- WHAT YOU WILL DO -
Leaving every picture out, repeat all of the entries below exactly.

[Items from a dataset]
___

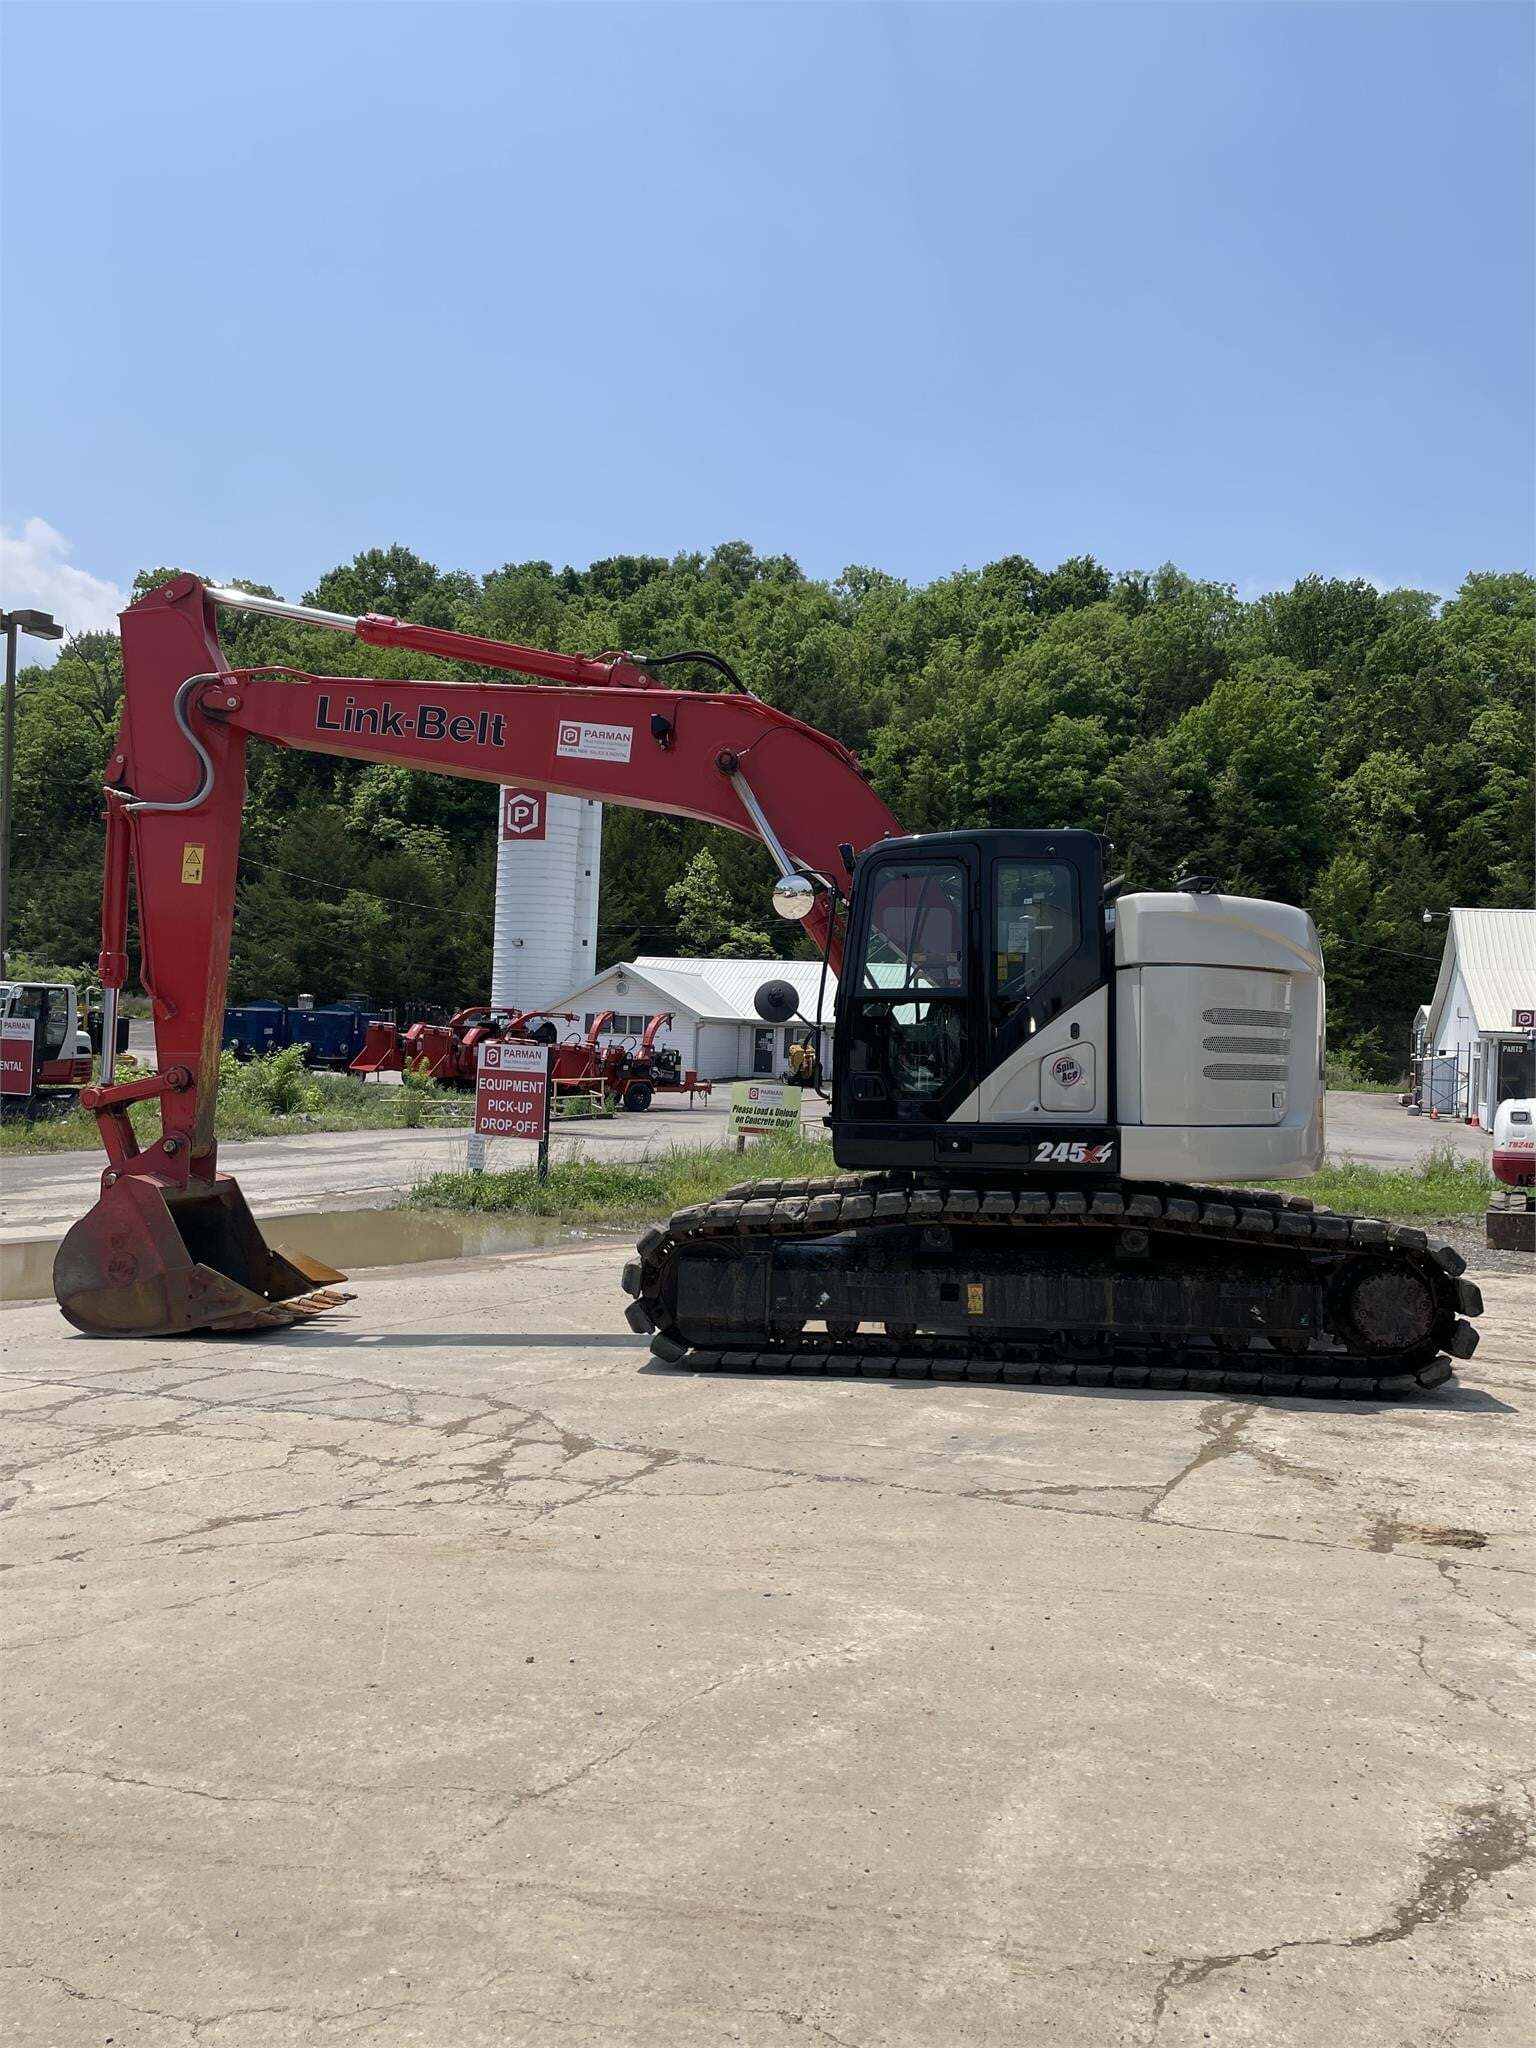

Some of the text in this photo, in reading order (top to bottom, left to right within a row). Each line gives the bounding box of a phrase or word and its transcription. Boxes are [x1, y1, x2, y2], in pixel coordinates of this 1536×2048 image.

[316, 694, 506, 747] Link-Belt
[584, 729, 631, 742] PARMAN
[514, 806, 529, 822] P
[4, 1022, 31, 1030] PARMAN
[503, 1049, 542, 1060] PARMAN
[1502, 1045, 1524, 1053] PARTS
[1056, 1060, 1075, 1074] Spin
[1062, 1070, 1078, 1082] Ace
[479, 1078, 544, 1093] EQUIPMENT
[487, 1099, 533, 1114] PICK-UP
[732, 1104, 753, 1114] Please
[753, 1106, 769, 1115] Load
[775, 1108, 798, 1118] Unload
[481, 1117, 539, 1133] DROP-OFF
[745, 1115, 774, 1126] Concrete
[775, 1118, 794, 1128] Only!

___

- PROBLEM SOLUTION -
Some of the text in this photo, in reading order (top to bottom, left to right within a row). Each line gives the bounding box of a phrase or word and its transcription. Boxes are [x1, y1, x2, y2], in pixel coordinates of this 1536×2048 image.

[316, 694, 506, 747] Link-Belt
[584, 729, 631, 742] PARMAN
[514, 806, 529, 822] P
[4, 1022, 31, 1030] PARMAN
[503, 1049, 542, 1060] PARMAN
[1502, 1045, 1524, 1053] PARTS
[1056, 1060, 1075, 1074] Spin
[1062, 1070, 1078, 1082] Ace
[479, 1078, 544, 1093] EQUIPMENT
[487, 1099, 533, 1114] PICK-UP
[732, 1104, 753, 1114] Please
[753, 1106, 769, 1115] Load
[775, 1108, 798, 1118] Unload
[481, 1117, 539, 1133] DROP-OFF
[745, 1115, 774, 1126] Concrete
[775, 1118, 794, 1128] Only!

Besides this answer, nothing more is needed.